En cuanto a la comparación de la sensibilidad entre qPCR y dPCR, el volumen de la muestra que se debe colocar en el instrumento es lo que determina el límite de la cuantificación, ¿no? ¿Qué cantidad de muestra es la normal para los instrumentos de dPCR y para los de qPCR?
En condiciones en las que el ruido de la muestra (distribución de Poisson) es dominante, el volumen total que se analiza es limitante para la cuantificación. Para las qPCR, hay grandes variaciones en el volumen que se analiza. El volumen de reacción de BioMark IFC (Fluidigm) es solo alrededor de 10 nl y no ofrece ningún tipo de precisión a menos que la muestra se amplifique previamente para aumentar la concentración. Al mismo tiempo, el aAmp (AlphaHelix) utiliza una superconvección para analizar 100 µl. En dPCR, el volumen total puede controlarse ejecutando más submatrices o varios chips. Por ejemplo, el tamaño de la gotícula para QX200 es de 0,85 nl, lo que da un volumen total analizado de 17 µl si se utilizan 20.000 gotículas.
¿Las dPCR son adecuadas para aplicaciones de control de calidad que utilizan SNP (es decir, son capaces de calcular con precisión la concentración de alelos poco frecuentes a una escala de 0,1 %)?

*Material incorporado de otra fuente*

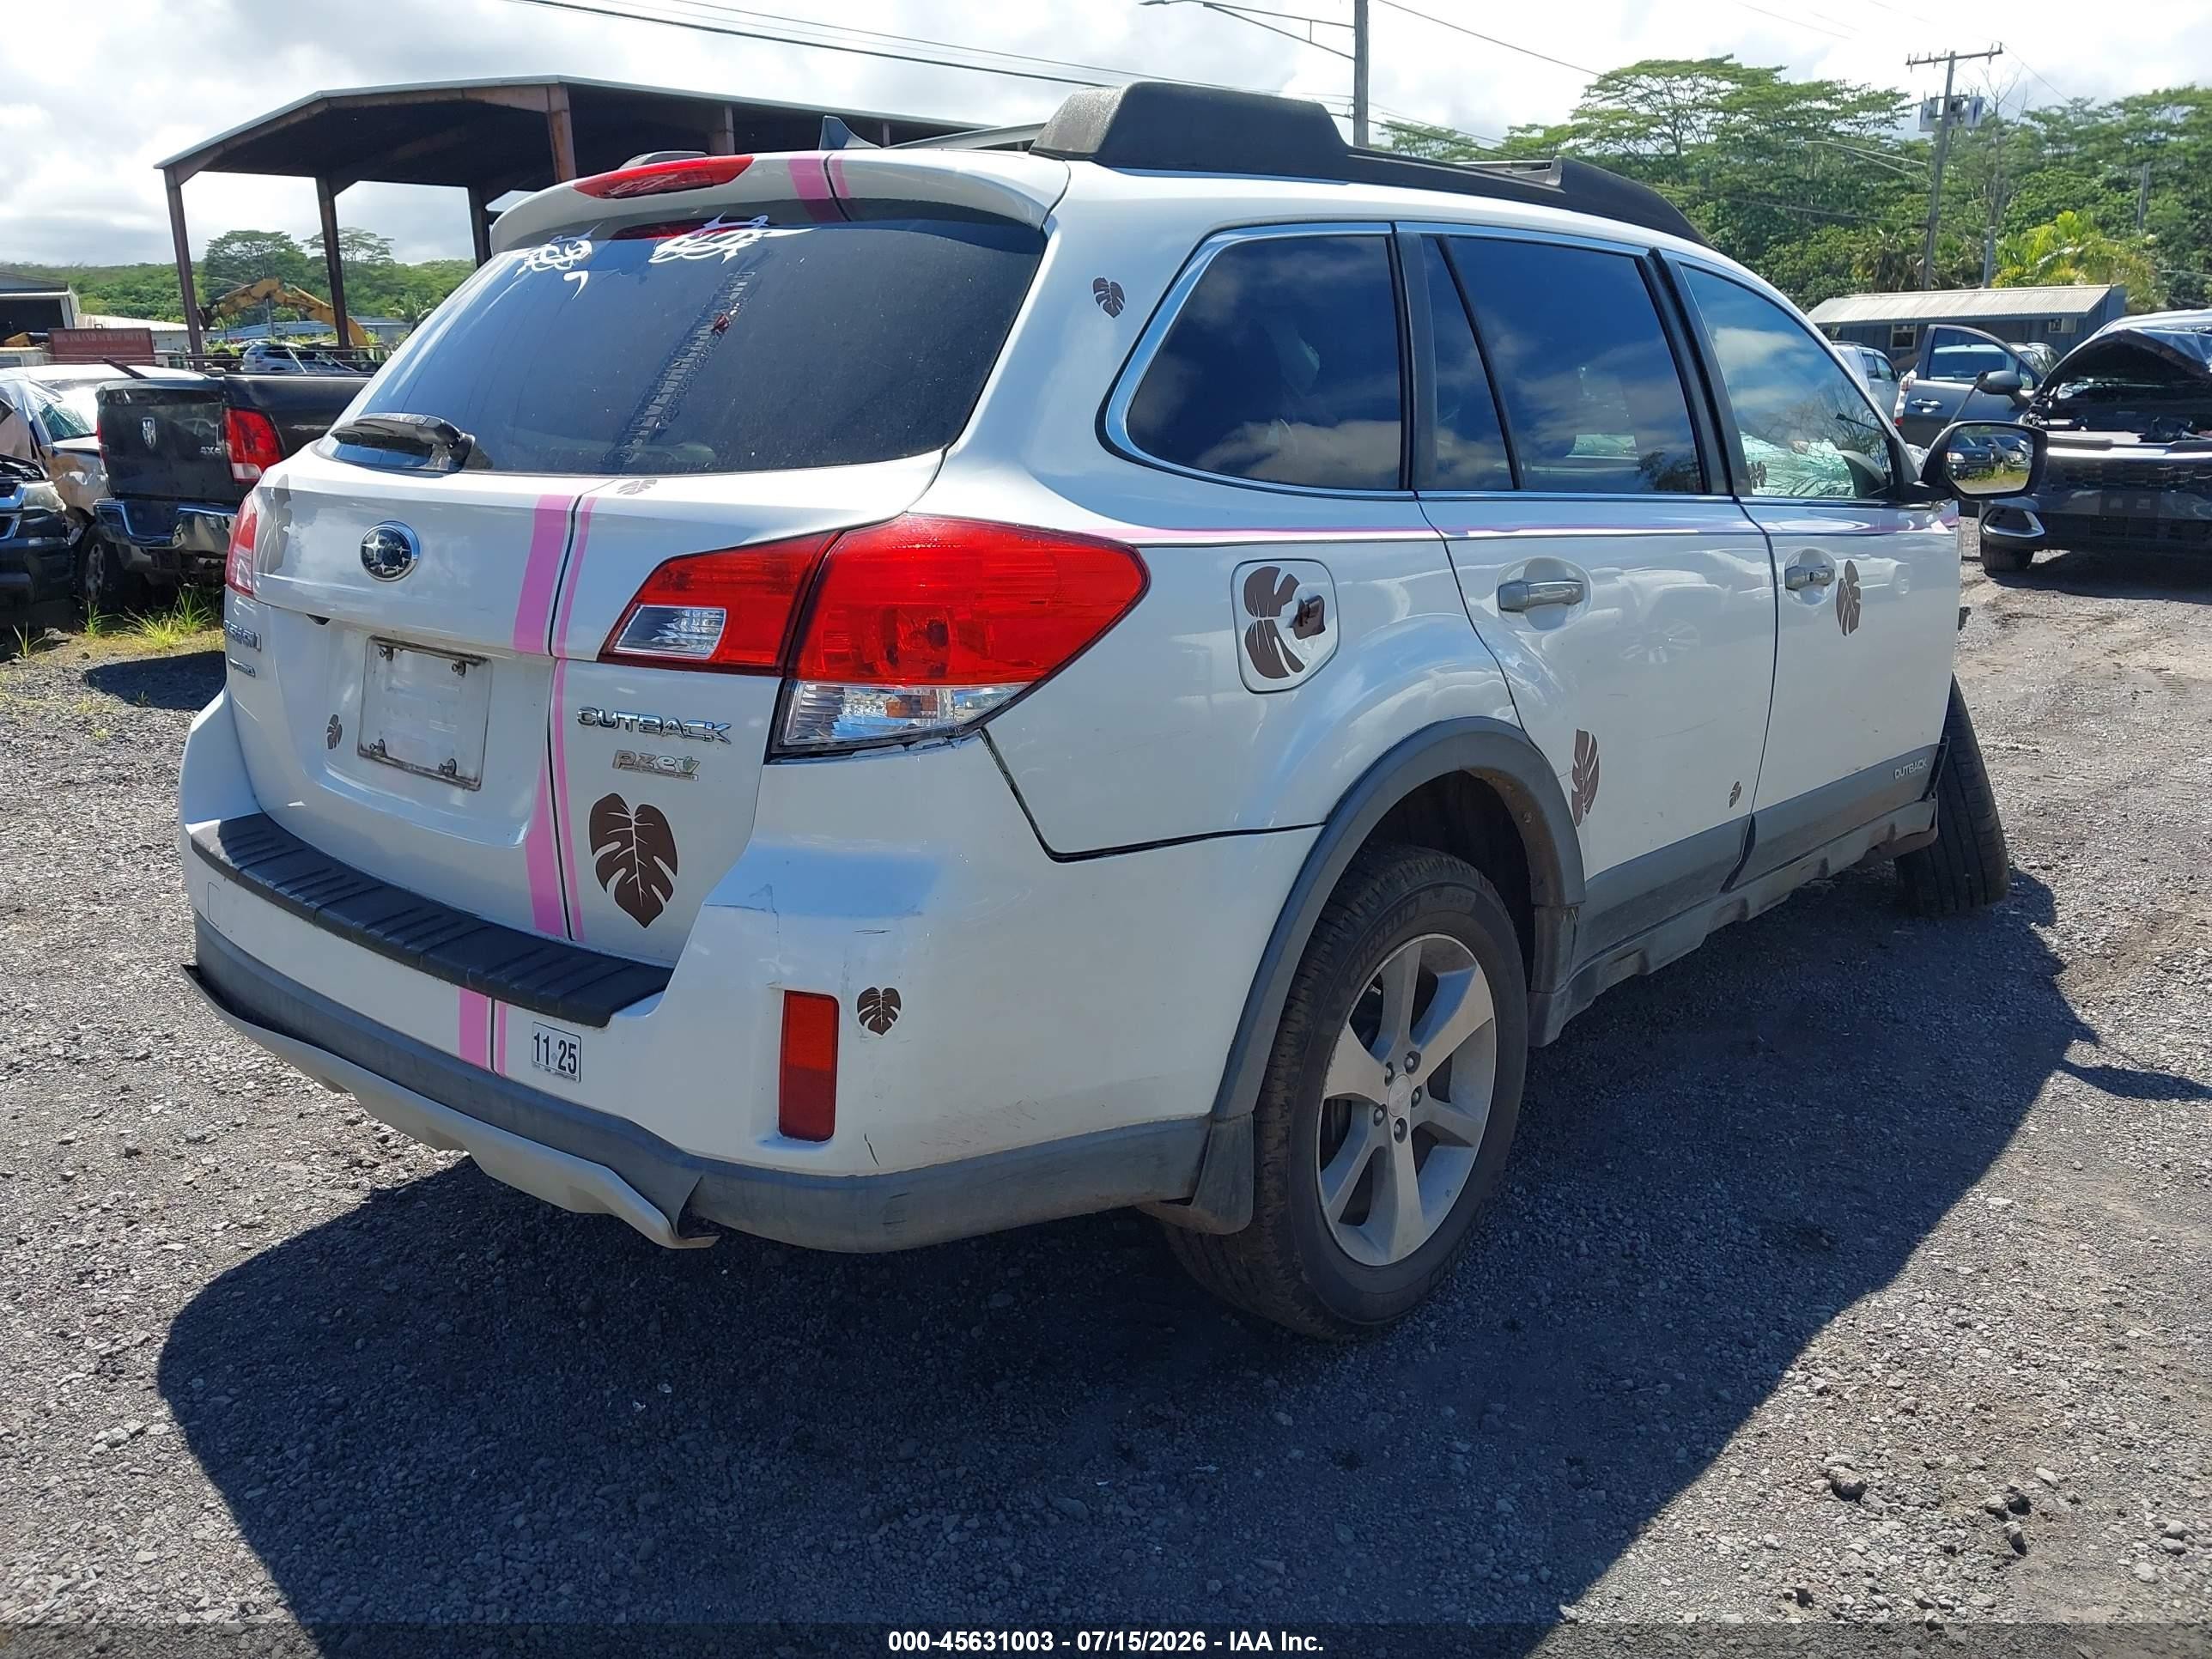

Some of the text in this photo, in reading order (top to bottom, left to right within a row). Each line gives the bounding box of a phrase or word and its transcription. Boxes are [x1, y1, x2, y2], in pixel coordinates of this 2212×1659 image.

[577, 707, 732, 744] OUTBACK
[1894, 757, 1927, 780] OUTBACK
[533, 1032, 550, 1066] 11
[557, 1039, 577, 1075] 25

Sí, sin duda. De hecho, es una de las aplicaciones más populares. Los ensayos deben ser muy específicos para evitar falsos positivos en divisiones que contienen varias moléculas nativas.
¿Qué software es adecuado para diseñar sondas para dPCR?
El diseño de ensayos para dPCR no difiere del de las qPCR. Puede usar su procedimiento de ensayo habitual.
¿Cuál es el tamaño máximo de ADN para las ddPCR de EVA/SYBR?
Es preferible emplear amplicones más largos porque emiten una mayor fluorescencia. No hay un tamaño máximo, siempre y cuando el tiempo de elongación sea suficiente para copiar la plantilla. Tampoco hay problema en lo que respecta a las estructuras secundarias. Por ejemplo, un rango razonable sería entre 100 y 250 bp.
¿Podría explicar un poco más acerca del multiplexado con distintas concentraciones de cebador en una única reacción. ¿Es fácil de distinguir solo mediante el uso de instrumentos o es necesario utilizar herramientas adicionales para analizar los resultados?
En el caso de ensayos bien diseñados y validados, amplificaciones clonales y muestras no complejas, debería poder distinguirse mediante el software estándar del instrumento. Sin embargo, es un sistema complejo de optimizar y preferimos usar sondas para el multiplexado.
¿Se pueden usar ensayos ValidPrime o ensayos de referencia para los procesos bacterianos? ¿Es posible validar blancos bacterianos?
Los ensayos estándar ValidPrime se pueden usar para validar ensayos recientemente diseñados para cualquier elemento blanco, porque la validación se lleva a cabo con un molde sintético. Sin embargo, para utilizar el ensayo ValidPrime como referencia endógena, debe estar dirigido a la cepa. En TATAA se ofrece un número limitado de ensayos ValidPrime validados para determinadas especies, pero hay muchos más en la literatura desarrollada por los distintos grupos académicos. Es posible que no estén tan ampliamente validados, pero son igual de válidos para su propósito.